DE2903987A1 - POWER SWITCH WITH BLOCKING RELEASE - Google Patents

Description

BBC Baden 2/79

Power switch with detonation trigger

The present invention relates to a high-voltage switch with detonation triggering comprising a switch chamber with two electrically conductive external connections isolated from one another, which are connected in the interior of the chamber by means of an axial Conductor bridge having a bore, the wall of which is divided into several strands by slots running in the longitudinal direction is, are connected and wherein in the bore of the conductor bridge a provided to interrupt the connection, externally ignitable detonator is arranged.

To protect power lines against the dynamic and thermal stress that occurs in the event of overloading with a steep rise in current and especially in the event of a short circuit, the line must be interrupted before the short-circuit current reaches the first full peak value in an alternating current line and the final value in a direct current line. The switch-off times required for this are determined by the frequency of the alternating current or by the inductance, capacitance and resistance of the line and are usually only a few msec. Such rapid disconnection times are practically impossible to achieve in medium and high voltage networks with mechanically or magnetically triggered switches, which is why switches with explosive triggering have been developed for this purpose.
A known high-voltage switch with explosive release contains a tubular conductor bridge which is inserted between two connection pieces of the high-voltage conductor. In the cavity of the conductor bridge, approximately in the middle between the connection pieces, a detonator is attached, which contains two lead wires for connecting an electrical ignition device.
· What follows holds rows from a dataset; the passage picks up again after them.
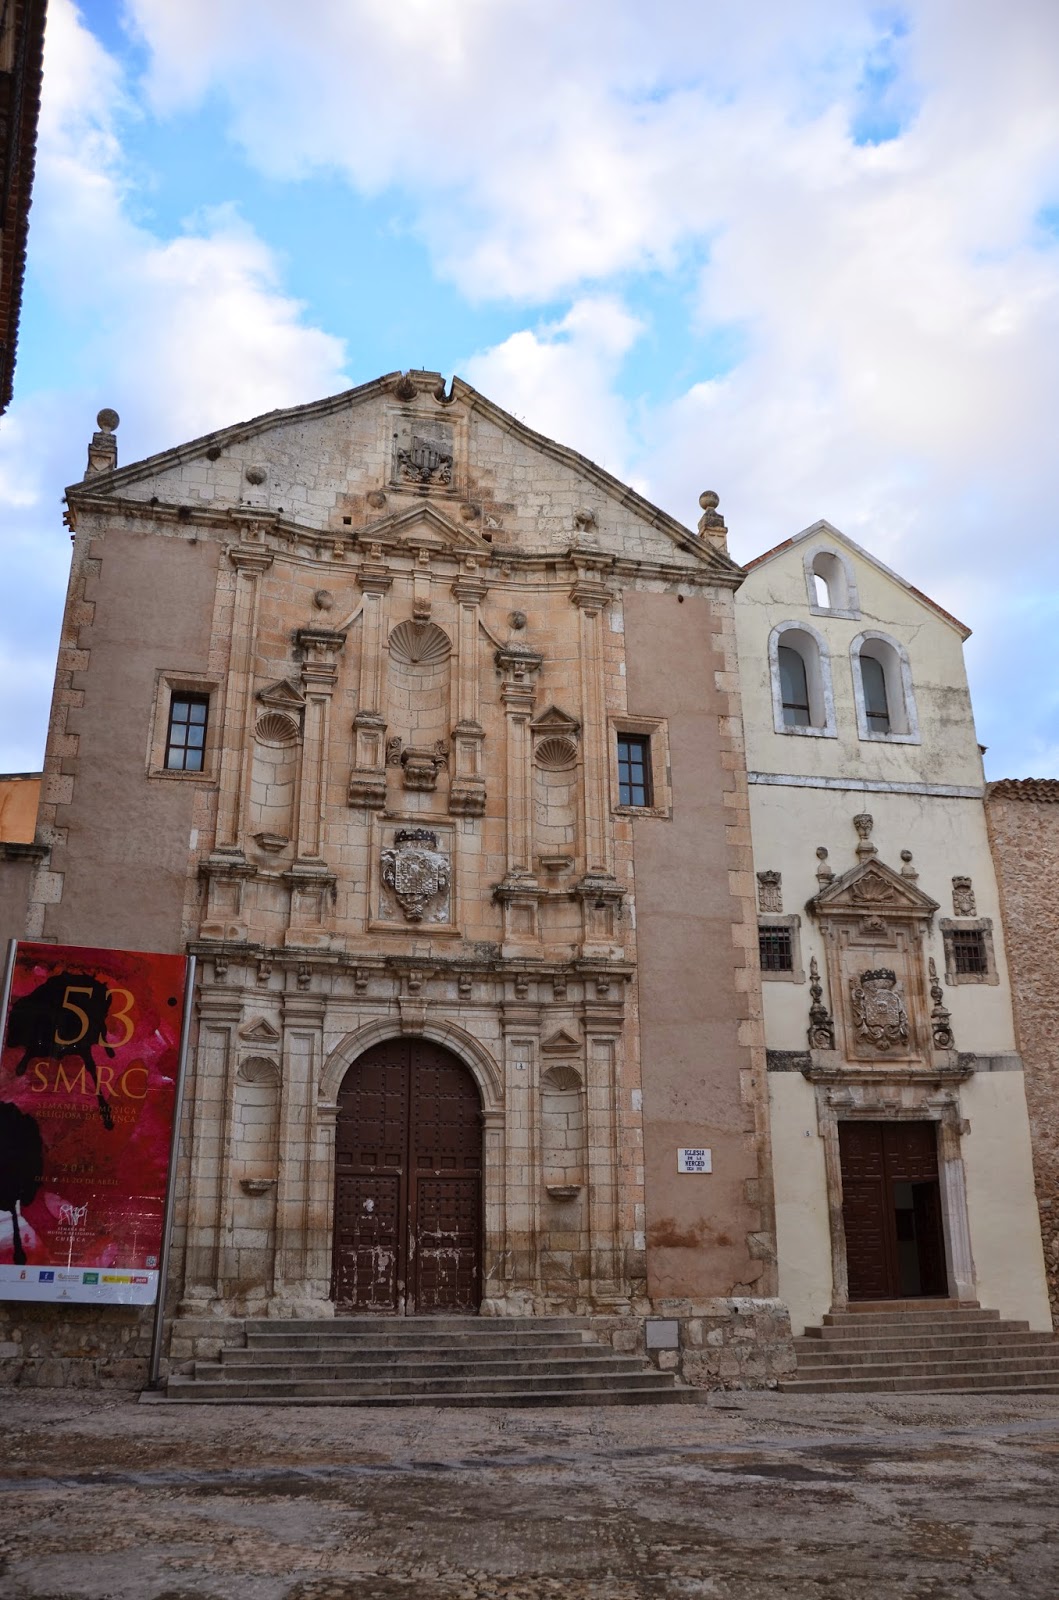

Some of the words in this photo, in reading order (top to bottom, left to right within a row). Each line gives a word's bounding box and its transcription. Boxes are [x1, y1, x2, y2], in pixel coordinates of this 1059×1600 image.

[54, 985, 135, 1049] 53
[31, 1061, 149, 1099] SMRC
[36, 1102, 77, 1111] SEMANA
[81, 1104, 93, 1112] DE
[35, 1110, 81, 1119] RELIGIOSA
[85, 1112, 97, 1121] DE
[99, 1113, 136, 1123] CUENCA
[60, 1163, 94, 1173] 2014
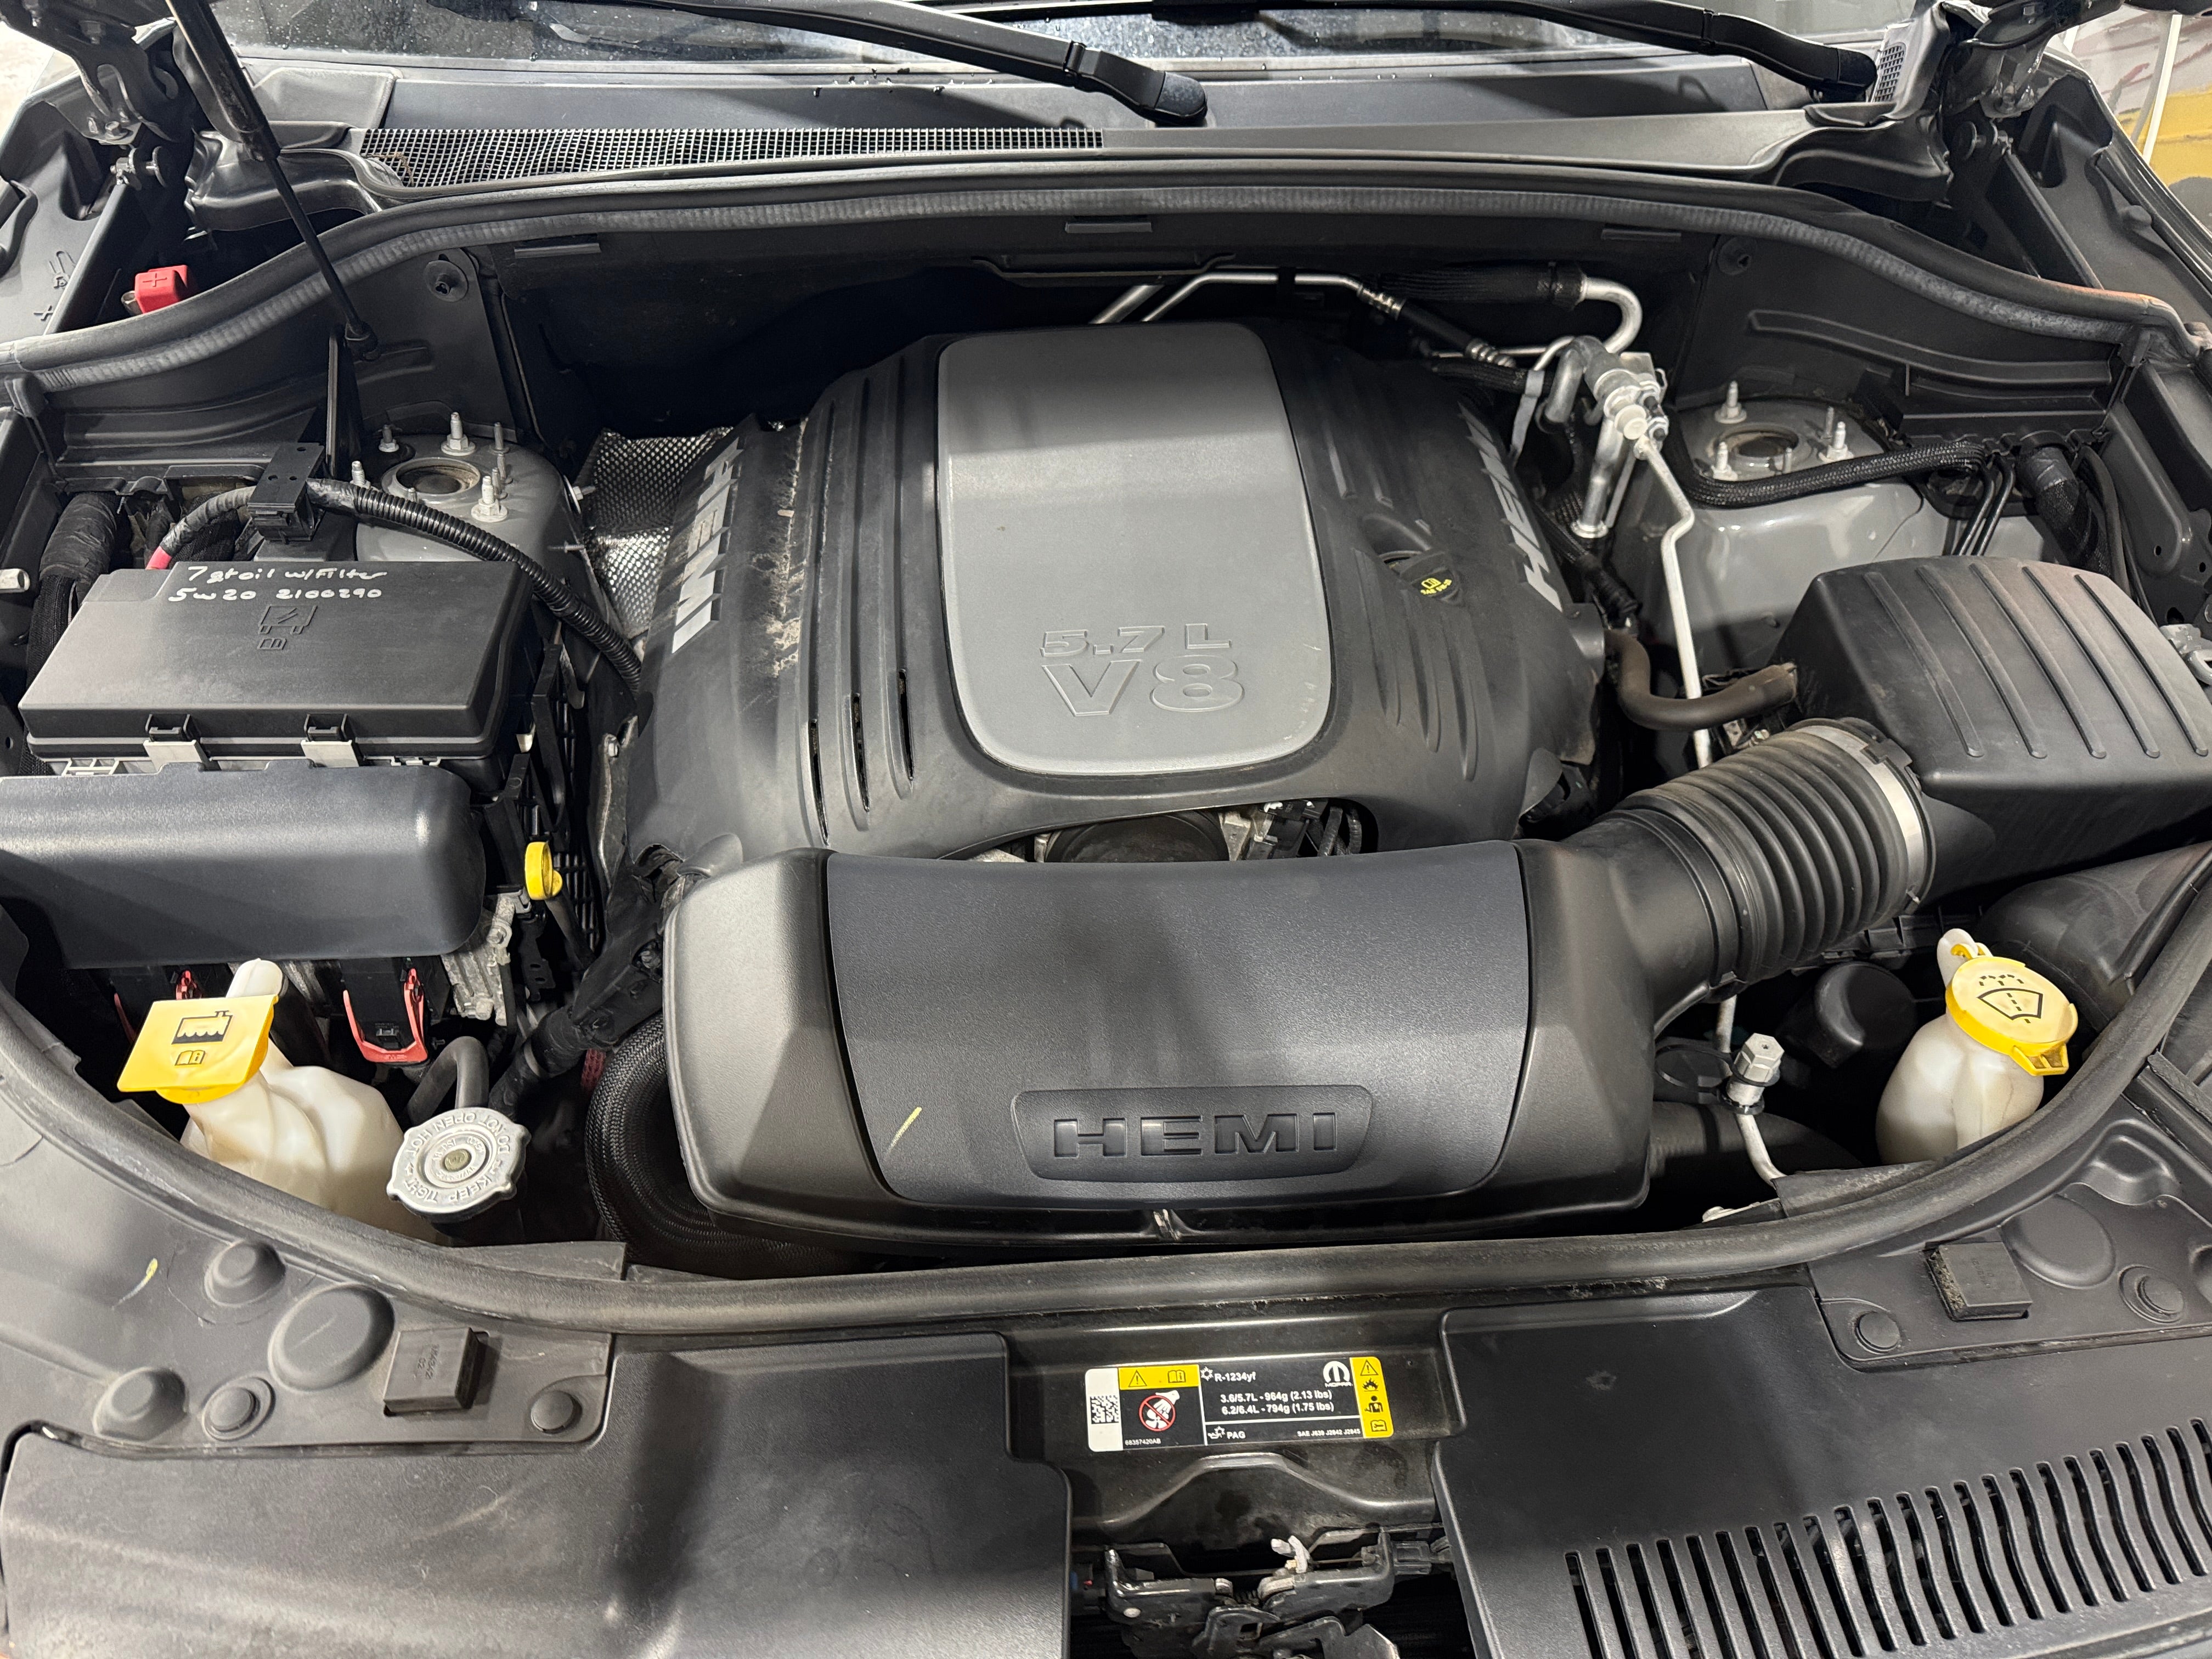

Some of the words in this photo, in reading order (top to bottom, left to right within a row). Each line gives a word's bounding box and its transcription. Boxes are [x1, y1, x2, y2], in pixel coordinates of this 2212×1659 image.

[188, 566, 208, 581] 7
[1041, 654, 1245, 717] V8
[432, 1112, 477, 1132] OPEN
[406, 1130, 433, 1156] HOT
[1054, 1113, 1338, 1159] HEMI
[448, 1174, 492, 1203] KEEP
[1214, 1371, 1256, 1383] R-1234yf
[1220, 1392, 1259, 1403] 3.6/5.7L
[1265, 1391, 1289, 1402] 964g
[1290, 1390, 1313, 1402] (2.13
[1314, 1389, 1333, 1400] lbs)
[1221, 1404, 1260, 1415] 6.2/6.4L
[1266, 1403, 1290, 1414] 794g
[1291, 1402, 1315, 1414] (1.75
[1316, 1401, 1334, 1412] lbs)
[1227, 1431, 1246, 1440] PAG
So that no parts of the ladder

BBC Baden 2/79

- 4 - 2903937

fly around the bridge, this is in the longitudinal direction with Slotted predetermined breaking notches, and the ladder bars delimited by the slots have a notch in the middle or solder point, which has the consequence that when the conductor bridge is blown open, the webs around the associated Connector can be bent back.
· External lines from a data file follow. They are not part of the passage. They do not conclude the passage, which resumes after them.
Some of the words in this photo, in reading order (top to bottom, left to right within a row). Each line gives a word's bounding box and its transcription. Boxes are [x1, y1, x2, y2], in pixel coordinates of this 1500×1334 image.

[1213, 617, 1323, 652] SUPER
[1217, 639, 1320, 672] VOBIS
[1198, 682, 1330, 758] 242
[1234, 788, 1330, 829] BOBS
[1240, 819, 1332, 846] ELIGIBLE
The energy stored in the inductance of the power line causes a steep rise when the conductor bridge bursts Voltage increase at the connection pieces, which can be a multiple of the operating voltage. To prevent that the rising voltage between the broken ends of the conductor bridge delays the shutdown process An arc ignites, a fuse wire embedded in quenching sand is arranged parallel to the conductor bridge. On this the current commutates completely, so that arcing in the broken contact path is suppressed will. The commutated current creates the fuse wire melted and ignites an arc of high voltage in the quenching sand, which on the one hand results in the desired reduction caused by the short-circuit current, but on the other hand as a voltage load on the broken switching path pending. The switching path has only a limited dielectric strength, since the rosette-shaped bent back Bars often have sharp edges, in the vicinity of which the electric field strength is very high, whereby a electrical breakdown is favored.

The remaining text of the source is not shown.